Stored data entries
╔══
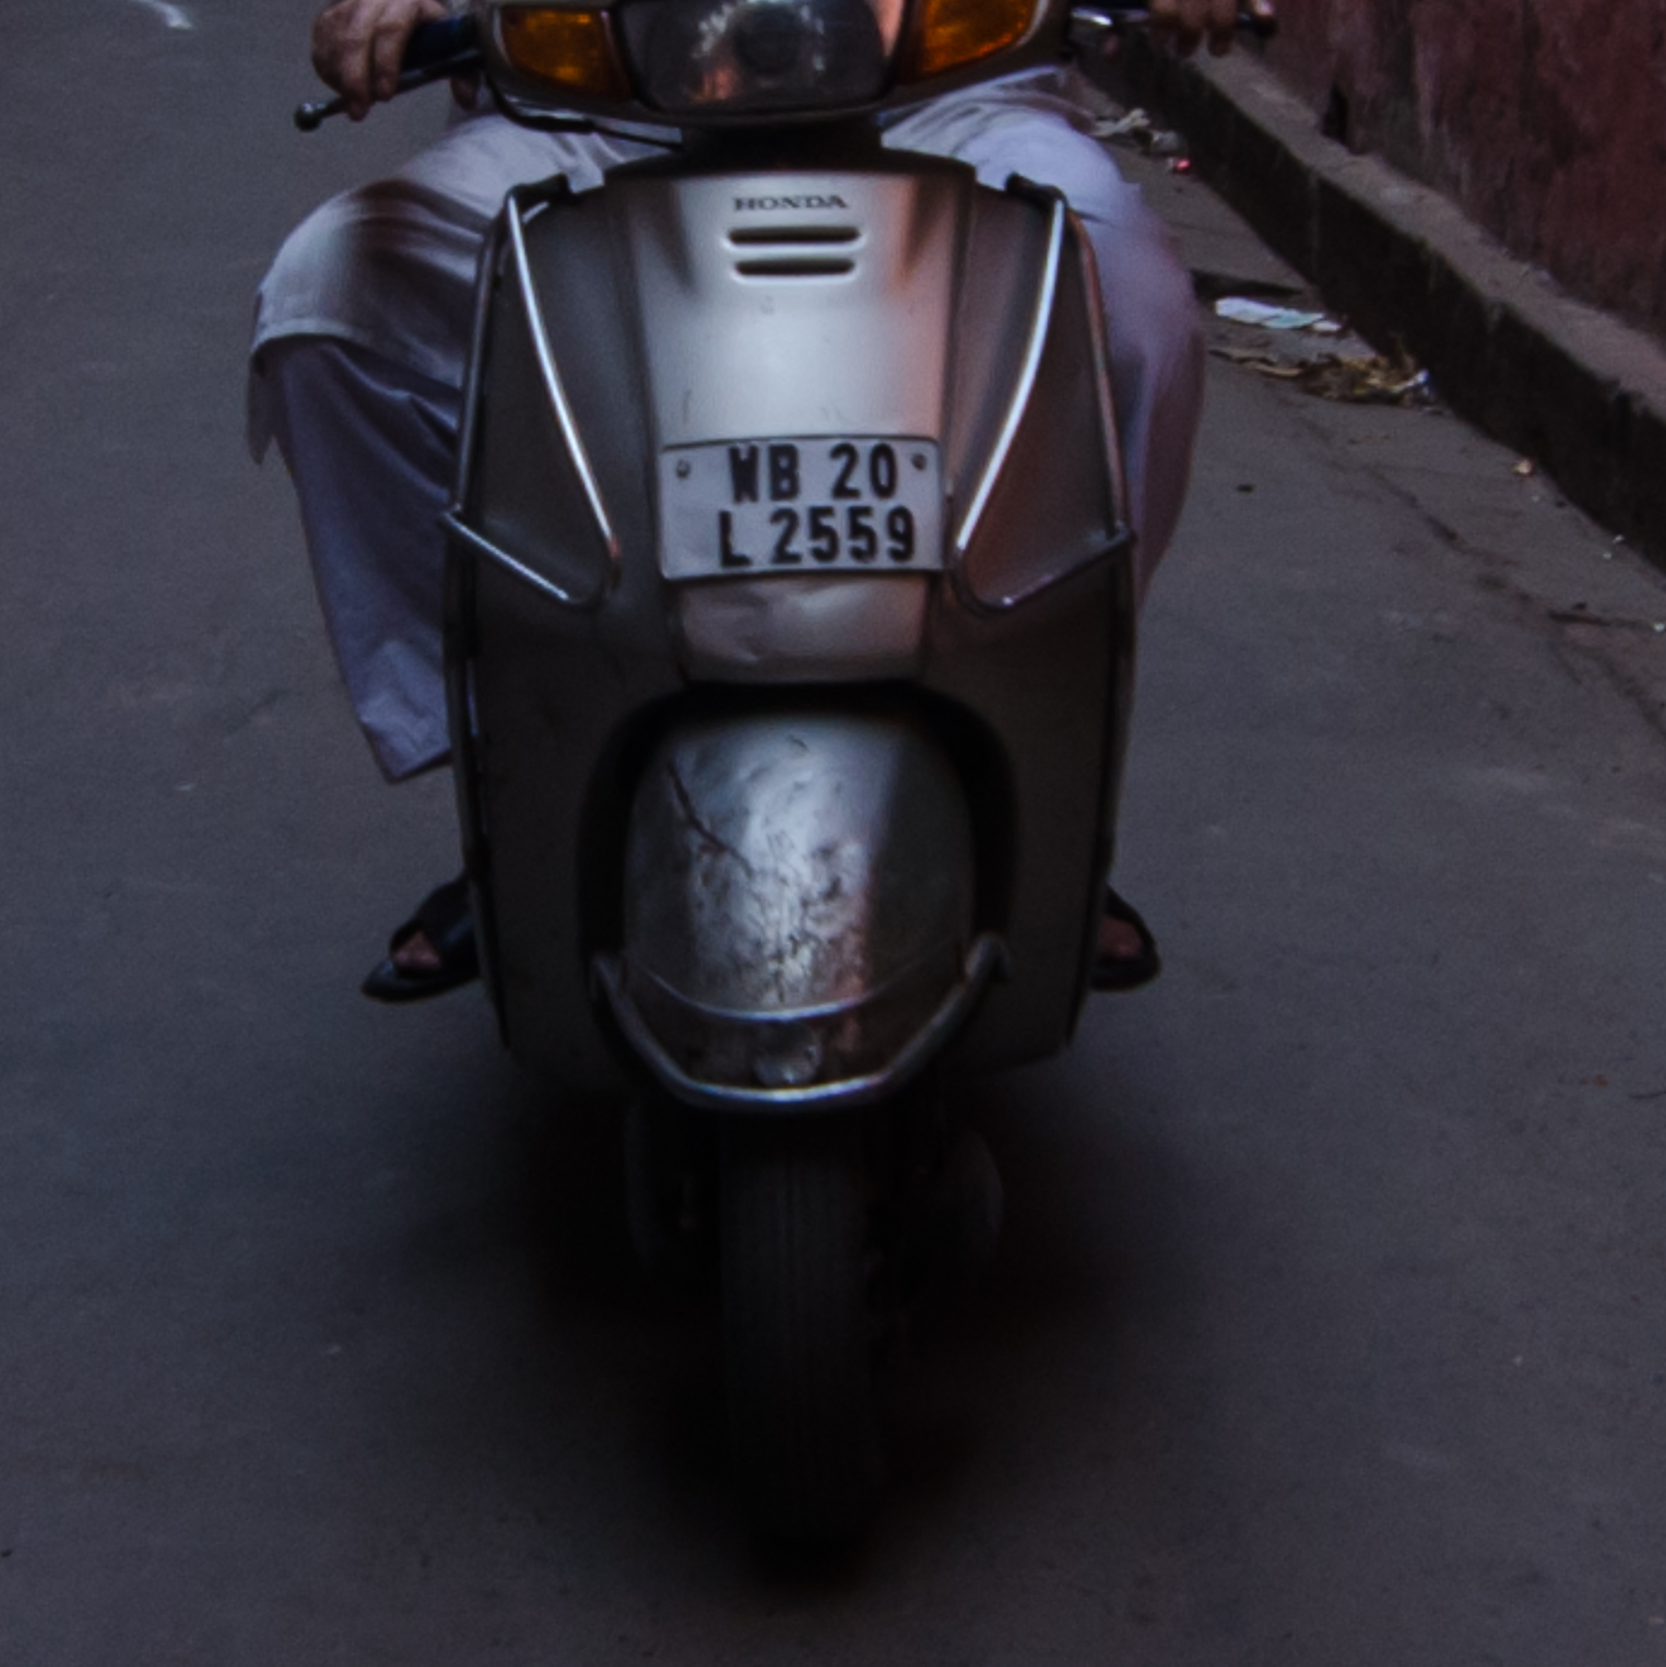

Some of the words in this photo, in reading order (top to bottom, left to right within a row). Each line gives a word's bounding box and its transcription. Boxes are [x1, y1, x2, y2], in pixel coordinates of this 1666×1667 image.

[734, 194, 850, 212] HONDA
[728, 443, 800, 503] WB
[830, 442, 898, 501] 20
[719, 509, 752, 568] L
[770, 505, 915, 565] 2559
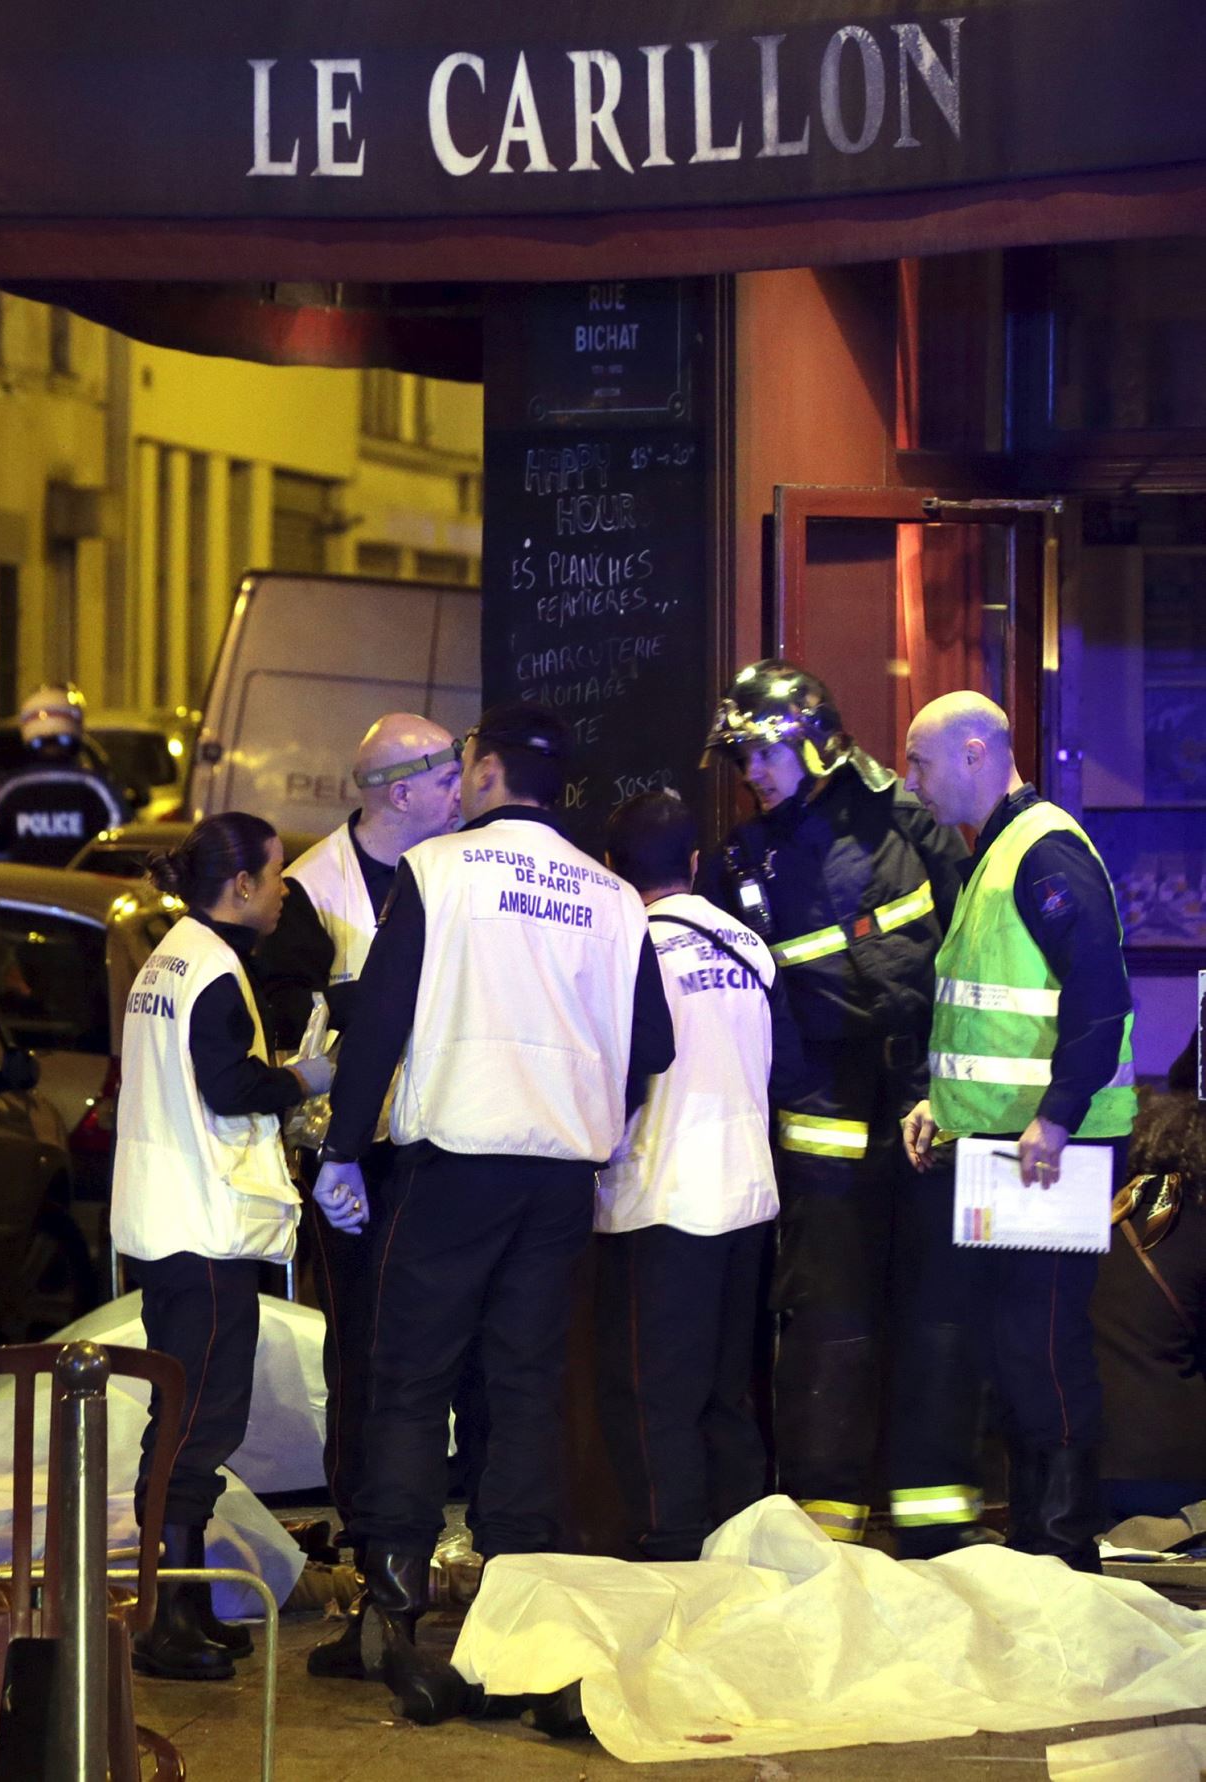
╚══
**Task goal:** With the pictures left out, output all the entries exactly.

**Result:**
Some of the words in this photo, in reading order (top to bottom, left to right within a row). Each line gives a word's bounding box and its transcription. Boxes are [x1, y1, x2, y2], in pixel coordinates of this 1666×1667 image.

[734, 194, 850, 212] HONDA
[728, 443, 800, 503] WB
[830, 442, 898, 501] 20
[719, 509, 752, 568] L
[770, 505, 915, 565] 2559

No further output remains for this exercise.